Há muitos anos, a minha filha comentou que um prédio, junto ao qual passávamos, era assombrado... porque fazia sombra a um outro, que lhe era próximo. Talvez ela visse a disputa pela luz a partir da sombra que, muitas vezes, os adultos cá de casa lhe fariam e - imagino eu - terá descoberto que, afinal, o sol, quando nasce, não é para todos. E terá pensado, do alto dos seus cinco anos, que crescer seria conquistar um lugar... ao sol. É engraçado repararmos que os lugares onde predominam sombras - sejam assombrados ou, mais modestamente, sombrios - sejam a delícia dos fantasmas. Dos nossos, está bem de ver, que, dada a ausência da luz (com a qual parecem ter um conflito que se prolonga há gerações), deixam à solta os medos mais secretos que transbordam para as pessoas, inundam o espaço, e nos põem a fugir de tudo o que, teimosamente, insistíamos guardar na sombra.
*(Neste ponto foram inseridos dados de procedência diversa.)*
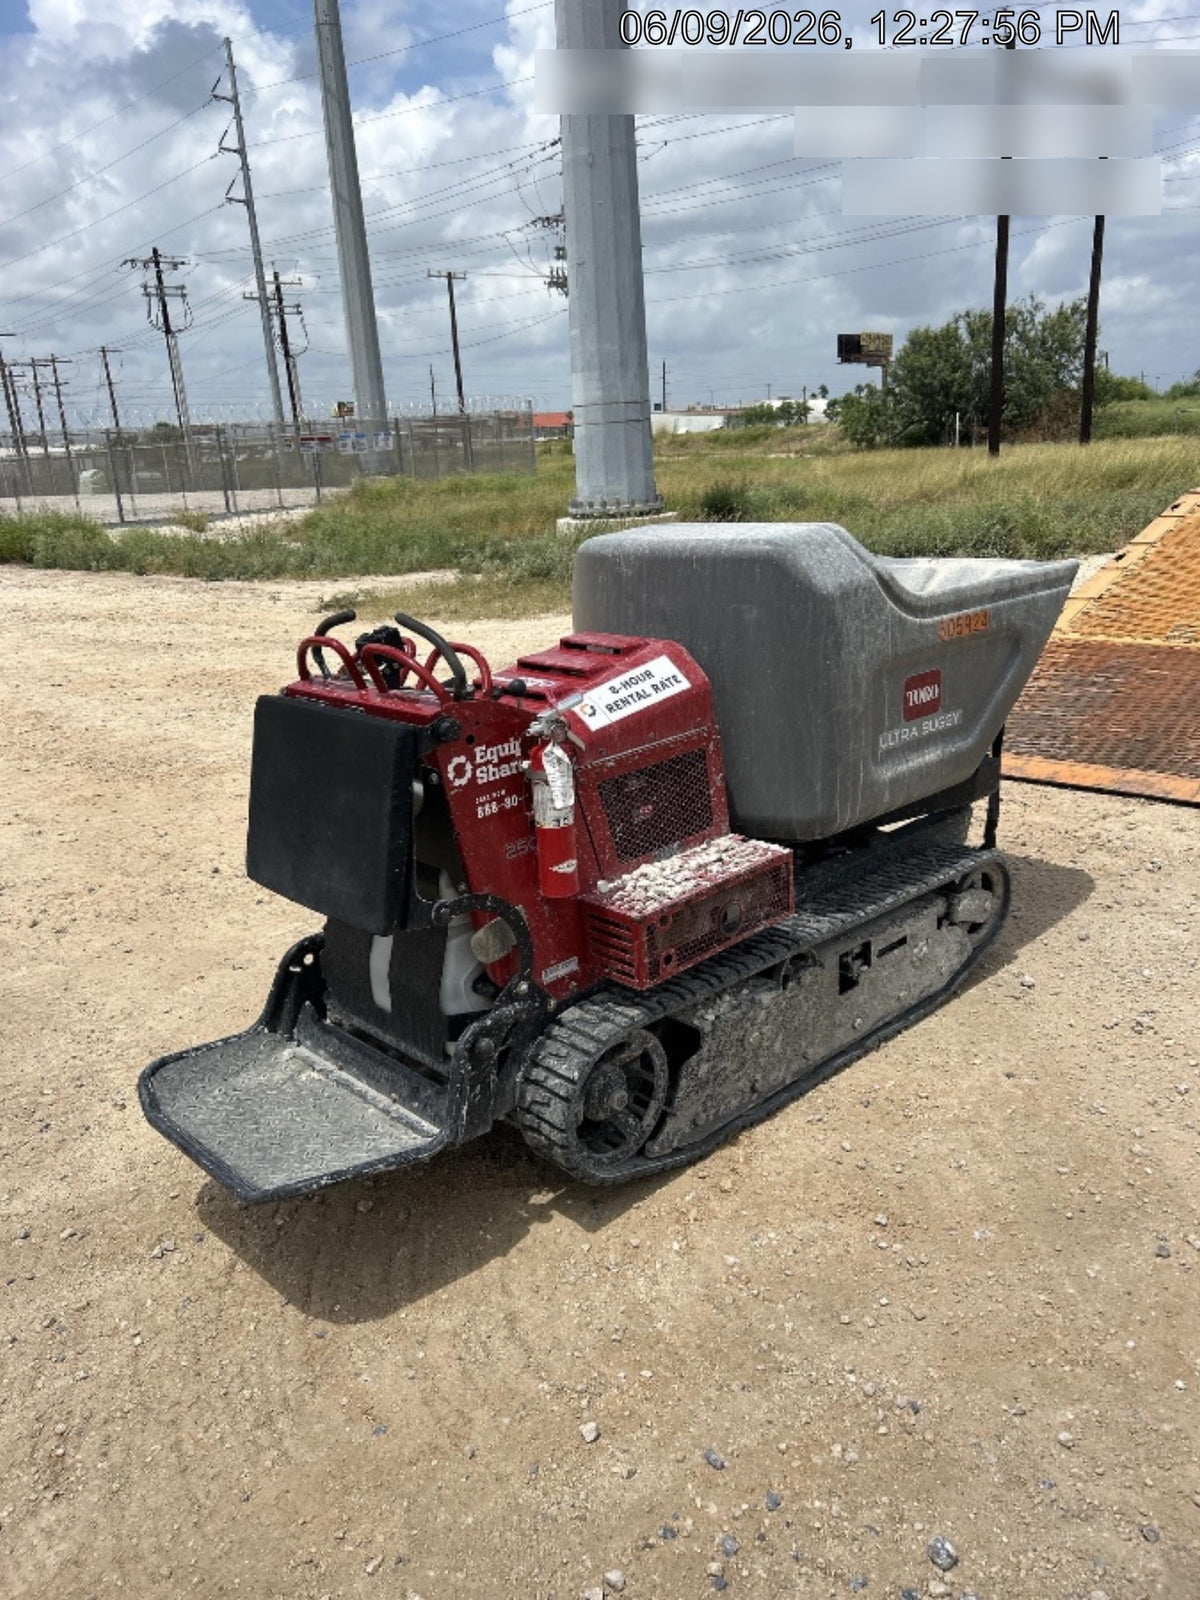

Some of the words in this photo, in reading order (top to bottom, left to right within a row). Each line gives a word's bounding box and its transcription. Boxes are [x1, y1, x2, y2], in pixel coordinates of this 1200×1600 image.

Já o assombro - ou o júbilo - talvez guarde a ideia de um reencontro feliz de nós com algumas partes do mundo interior com quem parecíamos estar mais ou menos desavindos. Um dia, pela vida fora, a Sofia perceberá que ficamos sombrios sempre que desistimos de conviver com as nossas sombras. E, se insistirmos em fugir delas, Luky Luke que se cuide, porque haverá mais uns heróis acidentais a disparar "a torto e a direito" em relação a tudo o que se mexa. Pergunto-me, desde há muito, quando nasce a consciência da sombra - como sombra - numa criança. Sabemos que ela surge, inicialmente, como uma realidade que se destaca do corpo, e que é estranha para uma criança pequenina. Daí a perplexidade das crianças quando reparam na sua sombra e a miram repetidamente. Talvez percebam como ela os acompanha, os imita, e como pára sempre que elas param. Apesar de lhes ser estranha. Quando é que uma criança tem consciência da sombra como uma projecção da imagem do corpo e não como um outro? Só depois de perceber como os pais fazem parte de si. Freud estaria certo: não só os pais guardam o sono como são os guardiões das sombras. E talvez seja à falta de quem os guarde ( e se torne o sol das suas vidas) que tantas pessoas lutam - com desespero e sem escrúpulos - por um lugar ao sol. Um dia, a Sofia compreenderá que o sol, quando nasce, será, para sempre, de quem o fez nascer (...)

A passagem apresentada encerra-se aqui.